— EXERCISE —
Restate every entry verbatim; drop the pictures.

— PROVIDED RECORDS —
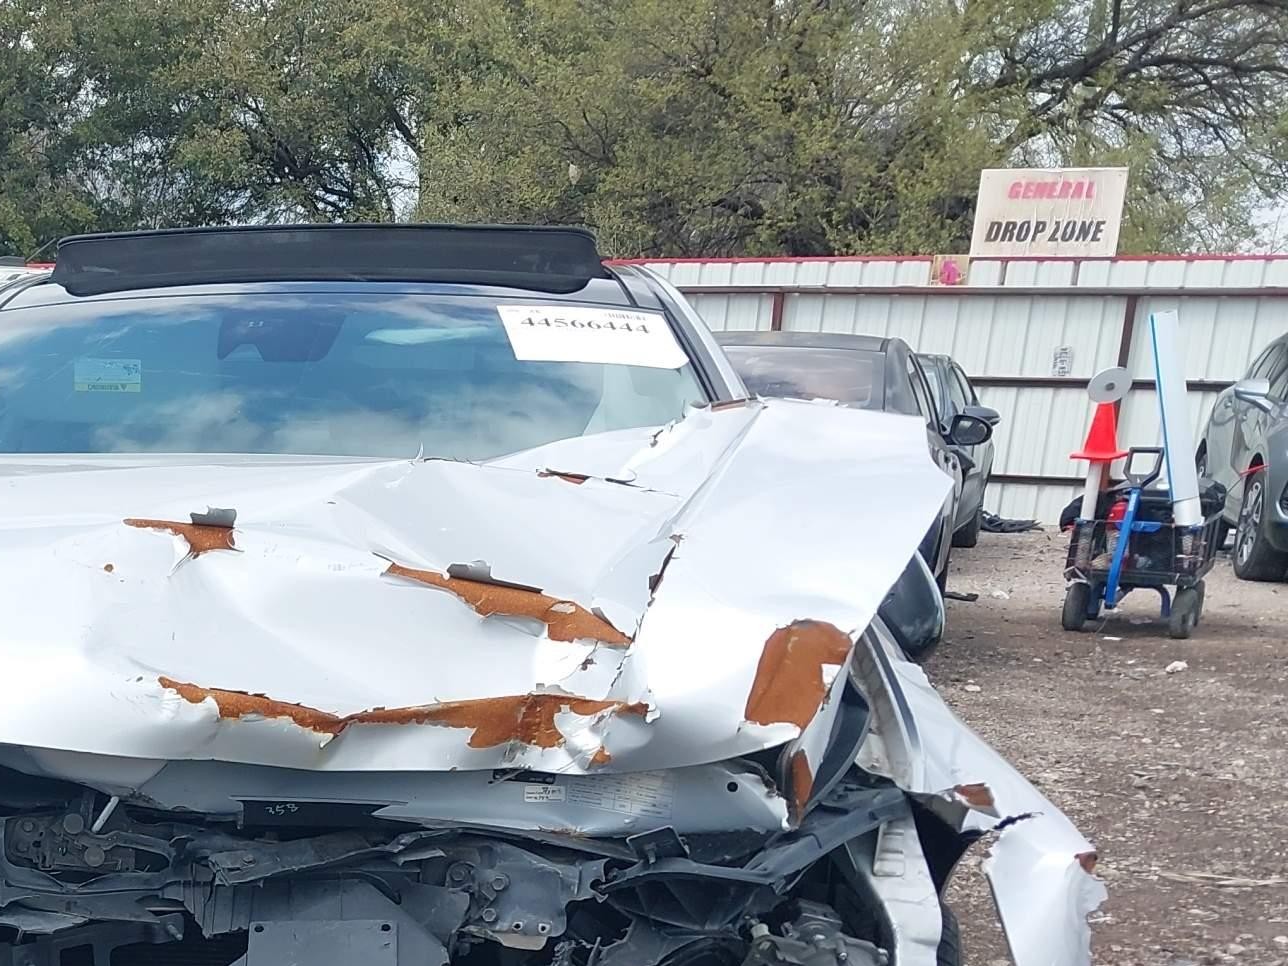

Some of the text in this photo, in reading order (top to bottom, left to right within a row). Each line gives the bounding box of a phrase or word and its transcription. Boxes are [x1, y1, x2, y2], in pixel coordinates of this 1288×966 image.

[1008, 181, 1096, 199] GENERAL
[984, 220, 1107, 243] DROP ZONE
[520, 315, 650, 334] 44566444
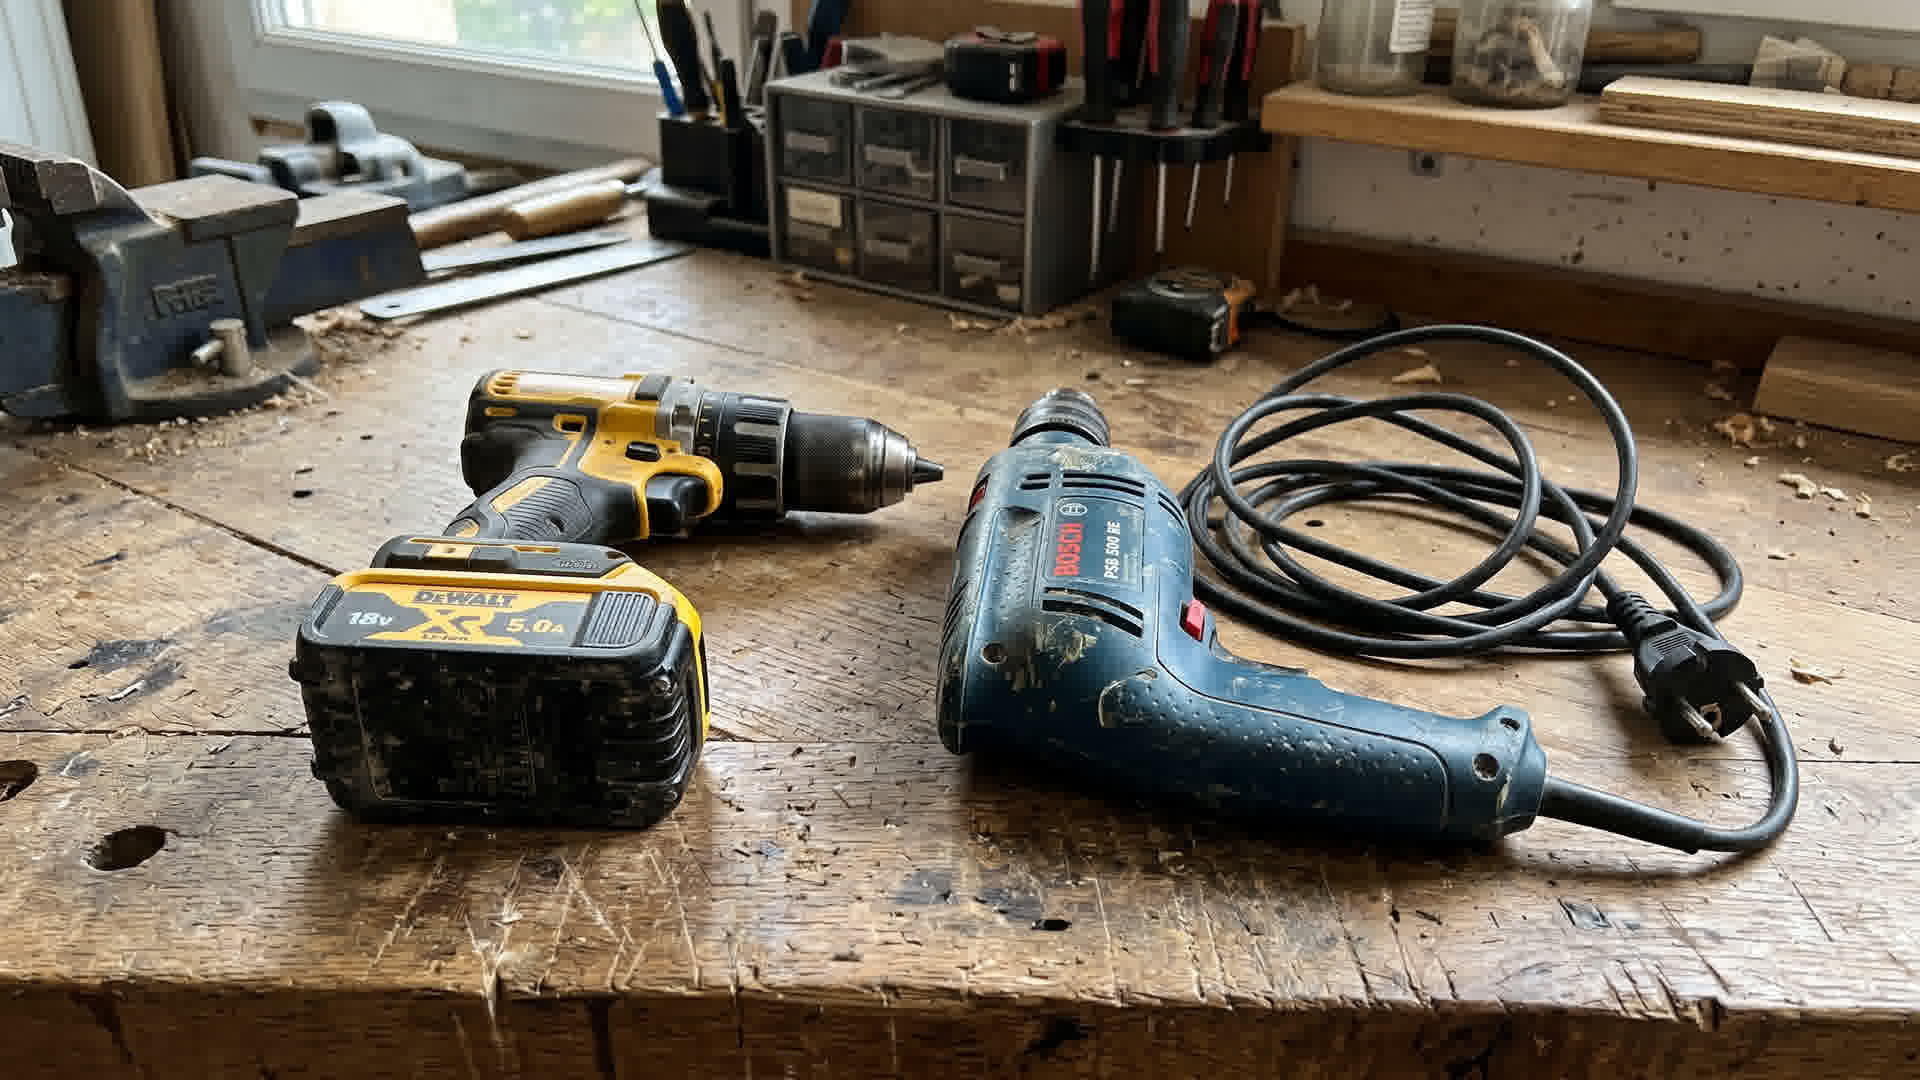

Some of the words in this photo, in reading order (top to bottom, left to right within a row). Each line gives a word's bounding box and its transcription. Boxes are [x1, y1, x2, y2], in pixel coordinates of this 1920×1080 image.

[1054, 523, 1083, 577] BOSCH
[1104, 535, 1120, 557] 500
[1103, 558, 1120, 579] PSB
[415, 608, 494, 635] XR

— RESULT OF THIS TASK —
Some of the text in this photo, in reading order (top to bottom, left to right within a row). Each line gives the bounding box of a phrase or word and its transcription. Boxes are [x1, y1, x2, y2], in pixel coordinates of this 1288×966 image.

[1008, 181, 1096, 199] GENERAL
[984, 220, 1107, 243] DROP ZONE
[520, 315, 650, 334] 44566444

Some of the words in this photo, in reading order (top to bottom, left to right within a row). Each line gives a word's bounding box and its transcription. Boxes are [x1, y1, x2, y2], in pixel coordinates of this 1920×1080 image.

[1054, 523, 1083, 577] BOSCH
[1104, 535, 1120, 557] 500
[1103, 558, 1120, 579] PSB
[415, 608, 494, 635] XR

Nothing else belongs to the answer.